14. We find from this case there is nothing to show that an
emergency exists so as to invoke Section 146(1) and to attach the
property in question. A case of emergency, as per Section 146 of
the Code has to be distinguished from a mere case of
apprehension of breach of peace. When the reports indicate that
one of the parties is in possession, rightly or wrongly, the
Magistrate cannot pass an order of attachment on the ground of
emergency. The order acknowledges the fact that Ashok Kumar
has started construction in the property in question, therefore,
possession of property is with the appellant - Ashok Kumar,
whether it is legal or not, is not for the SDM to decide.
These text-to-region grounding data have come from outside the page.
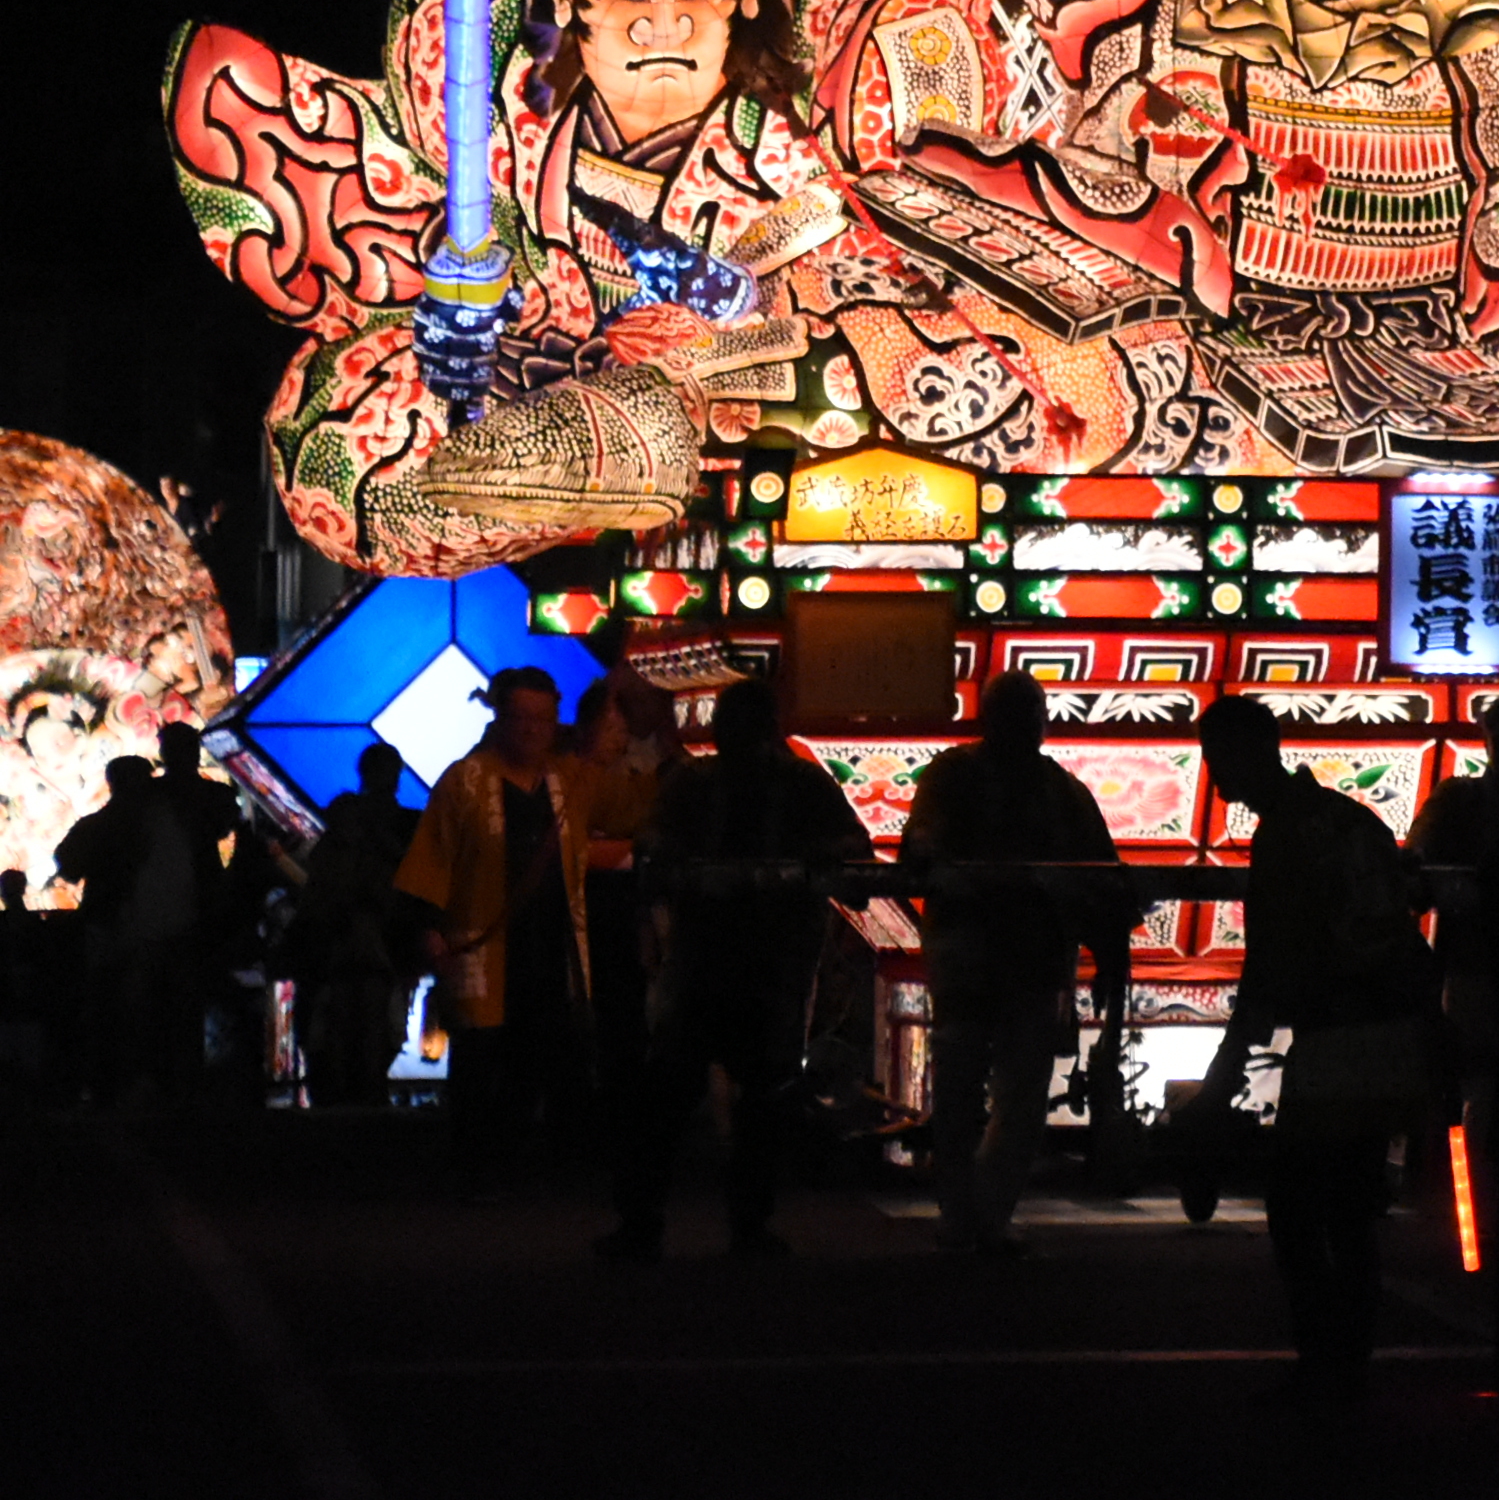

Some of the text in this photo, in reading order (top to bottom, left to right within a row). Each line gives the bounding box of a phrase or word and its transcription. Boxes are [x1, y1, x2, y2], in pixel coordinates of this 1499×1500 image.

[796, 473, 926, 509] 武蔵坊弁慶
[1410, 499, 1476, 656] 議長賞
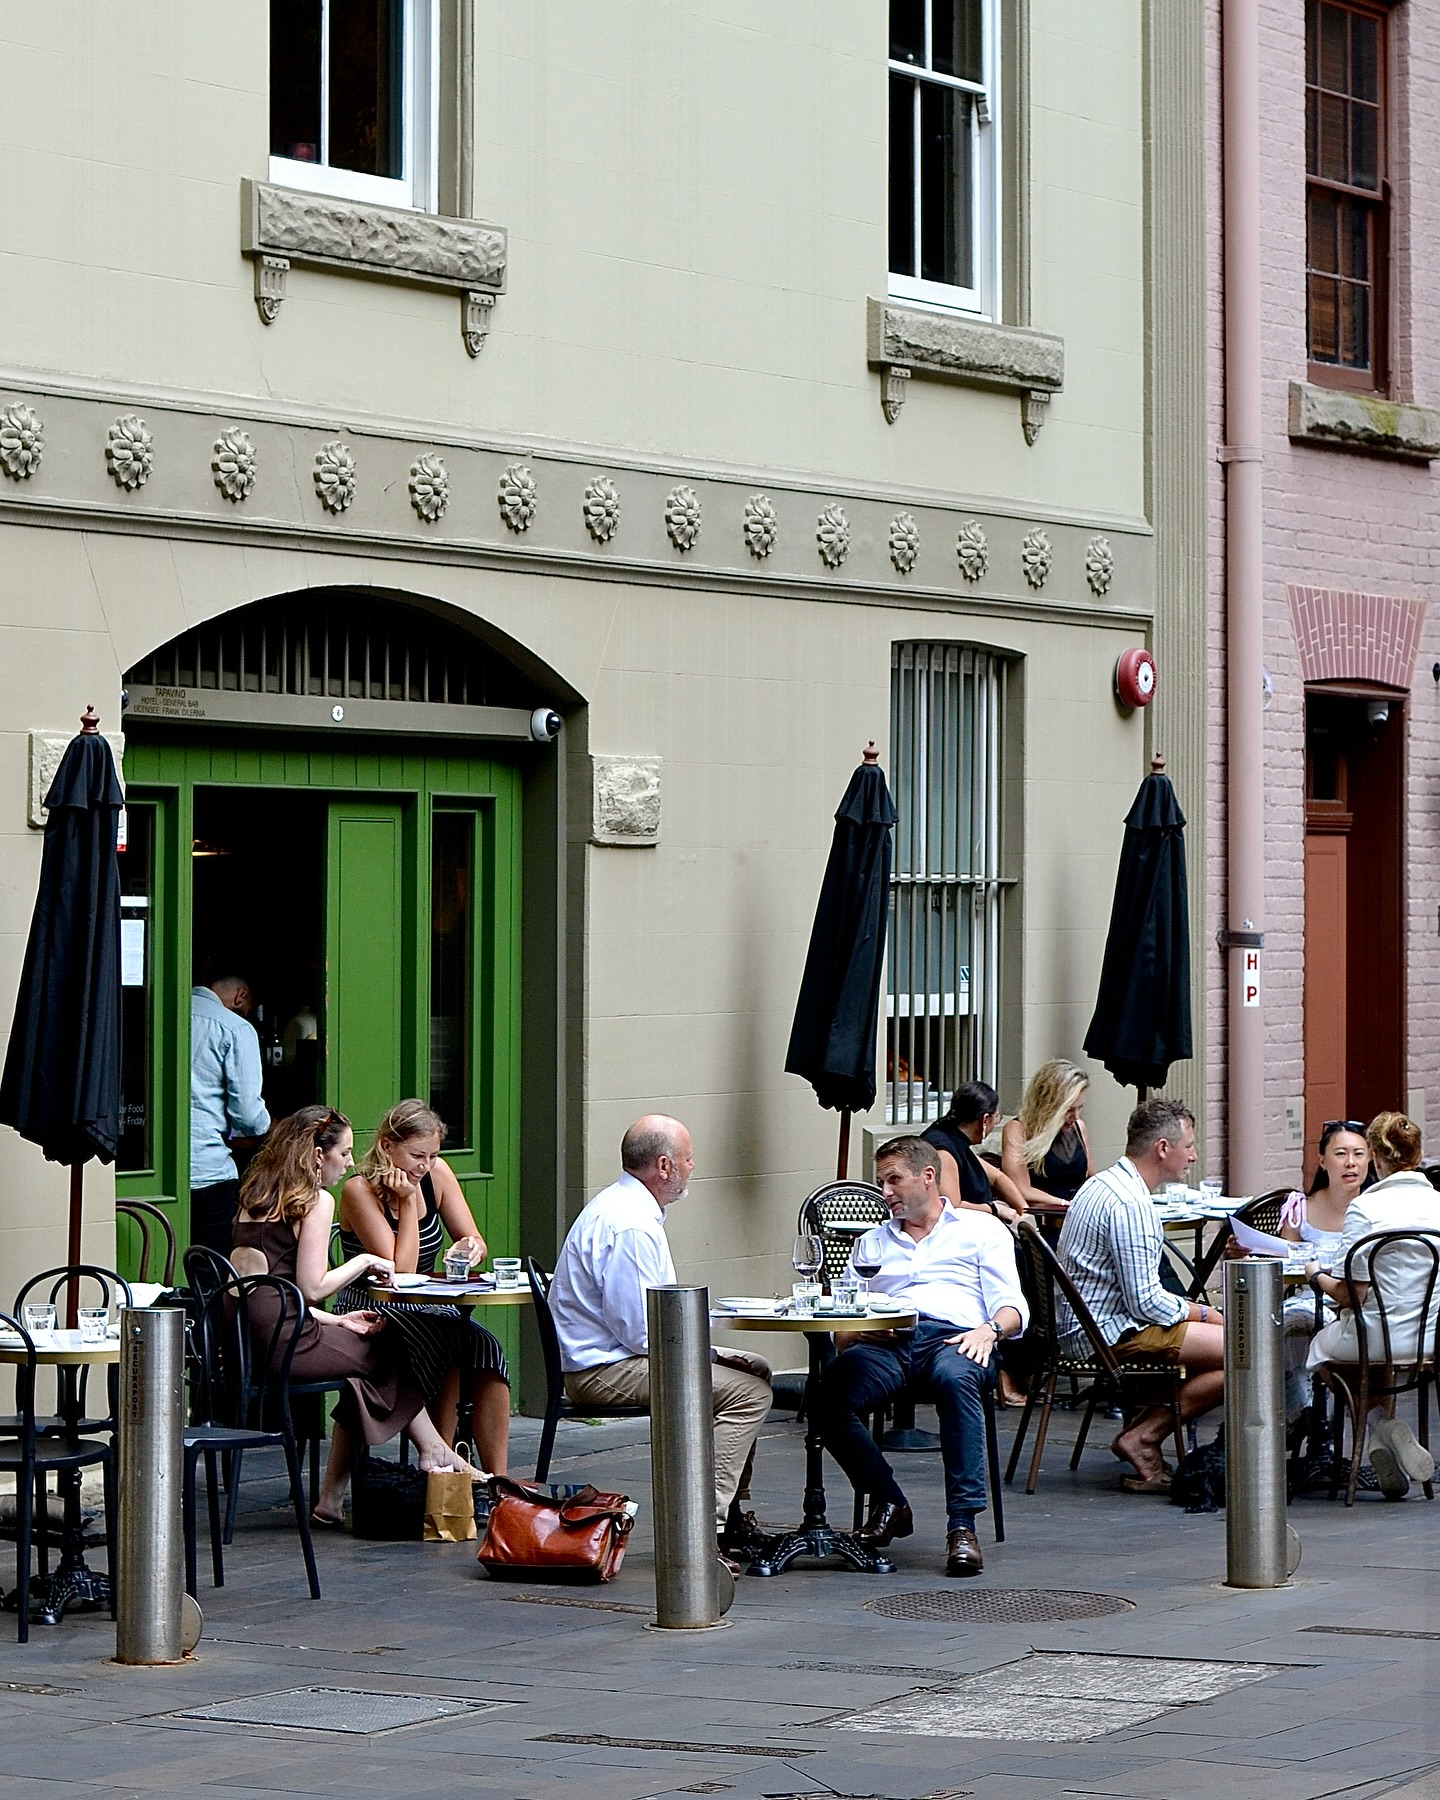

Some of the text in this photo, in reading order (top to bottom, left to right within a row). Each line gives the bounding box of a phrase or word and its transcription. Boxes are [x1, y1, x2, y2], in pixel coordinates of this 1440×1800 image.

[155, 687, 186, 698] TAPAVINO
[141, 697, 159, 705] HOTEL
[162, 699, 187, 707] GENERAL
[188, 700, 199, 708] BAR
[128, 1104, 144, 1113] Food
[127, 1116, 146, 1127] Friday
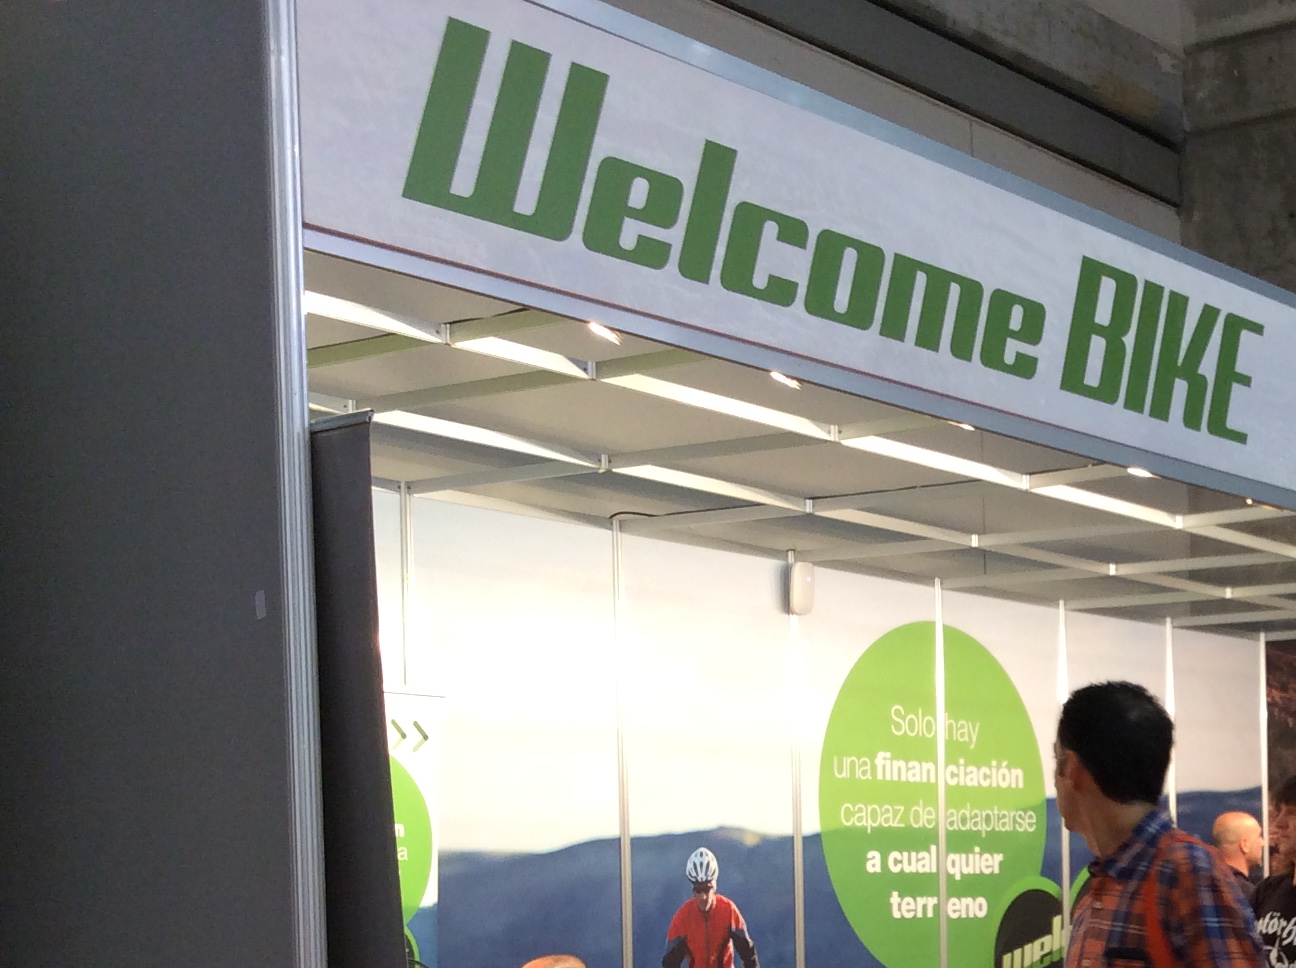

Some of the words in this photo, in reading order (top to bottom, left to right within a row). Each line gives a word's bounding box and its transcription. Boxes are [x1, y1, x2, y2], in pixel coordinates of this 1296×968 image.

[402, 17, 1046, 379] Welcome
[1060, 255, 1265, 445] BIKE
[890, 705, 936, 738] Solo
[945, 712, 980, 749] hay
[834, 755, 872, 780] una
[840, 802, 905, 834] capaz
[910, 800, 936, 829] de
[946, 802, 1037, 838] adaptarse
[866, 849, 882, 873] a
[888, 845, 1004, 880] cualquier
[890, 892, 988, 919] terreno
15. We also notice that the respondent herein has filed a civil suit
for injunction before Civil Judge (J.D.) Haridwar on 02.09.2009
and an application for interim injunction is also pending, on
which the civil court has issued only a notice. An Amin report
was called for and Amin submitted its report on 21.11.2009. Civil
suit was filed prior in point of time, it is for the civil court to
decide as to who was in possession on the date of the filing of the
suit. In any view, there is nothing to show that there was an
emergency so as to invoke the powers under Section 146(1) to
attach the property, specially, when the civil court is seized of the
matter. Under such circumstances, we are inclined to set aside
the order passed by the SDM dated 25.11.2009 and the order of
the High court dated 27.03.2012.
16. Learned counsel appearing for the appellant submitted that
he will not change the character of the property or create third
party rights in respect of the property in question till the civil
court passes final orders on the application filed by the
respondent for temporary injunction. The submission of the
learned counsel is recorded and we direct the civil court to pass
final orders on the interim application filed by the respondent for
injunction. We make it clear that we have also not expressed any
final opinion on the contentions raised by the learned counsel.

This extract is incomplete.